Rajoutez quelques Gardes rouges et on n’est pas loin de la Révolution culturelle (pendant ce temps, le fils de Bo Xilai, qui a étudié à Oxford, en Angleterre, se balade à bord d’une rutilante Ferrari valant plusieurs centaines de milliers de dollars dans les rues de Pékin. Au moins, la voiture est rouge, me direz-vous.)

Bref, on ne saura probablement jamais les détails entourant les « vacances » de Wang Lijun. Une chose est sûre : peu importe que ces rumeurs de corruption soient vraies ou pas, pour Bo Xilai, le mal est fait. Et celui qui aspirait aux plus hauts échelons du pouvoir chinois devra peut-être revoir ses ambitions.

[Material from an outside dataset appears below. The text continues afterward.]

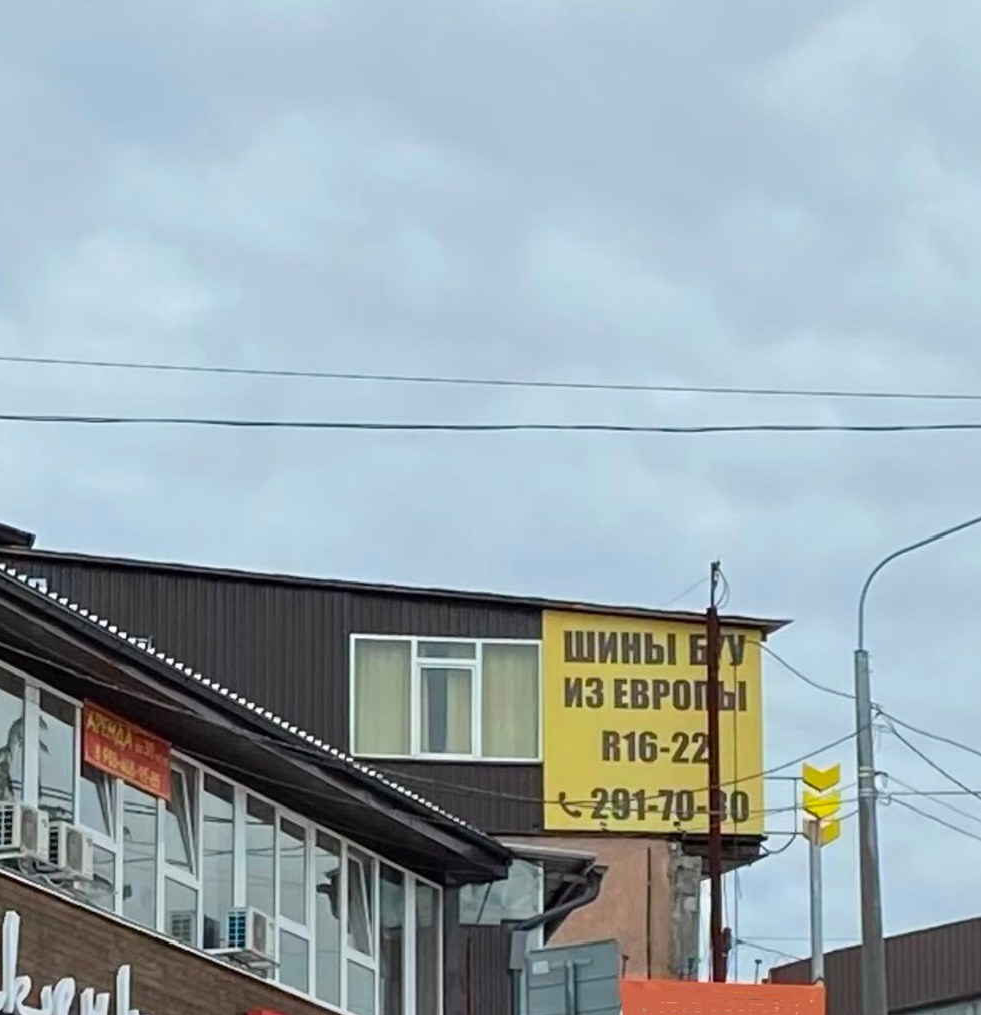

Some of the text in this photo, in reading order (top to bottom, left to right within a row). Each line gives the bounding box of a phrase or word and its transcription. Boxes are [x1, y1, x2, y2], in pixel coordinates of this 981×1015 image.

Le pouvoir chinois, reconnu pour son opacité, n’aime pas le scandale.

Le simple fait qu’on laisse courir les rumeurs sur Internet, sans les censurer, révèle que quelque part dans les organes du pouvoir, on a peut-être déjà décidé du sort de Bo Xilai.

À l’ambassade américaine à Pékin, le porte-parole a été avare de commentaires, se contentant d’affirmer qu’il n’y avait eu « aucune menace contre le consulat de Chengdu et que le gouvernement américain n’avait pas demandé à ce que l’on rehausse le niveau de sécurité autour du complexe ».

Questionné sur le sujet, le porte-parole du ministère des Affaires étrangères s’est contenté de dire que le gouvernement de Chongqing avait déjà publié un communiqué concernant la thérapie de Wang Lijun.

Lors de sa rencontre avec Bo Xilai, samedi, le premier ministre Harper aura donc tout intérêt à poser des questions sur la santé des pandas plutôt que sur celle du numéro deux de la ville…

Mise à jour (9 février) :  le mercredi 8 février, le département d’État américain a confirmé que le vice-maire Wang Lijun avait obtenu un entretien au consulat américain à Chengdu. Il aurait toutefois quitté les lieux de son plein gré. La porte-parole a dit ne pouvoir émettre aucun commentaire sur les demandes de statut de réfugié ou d’asile politique, si tel était le cas.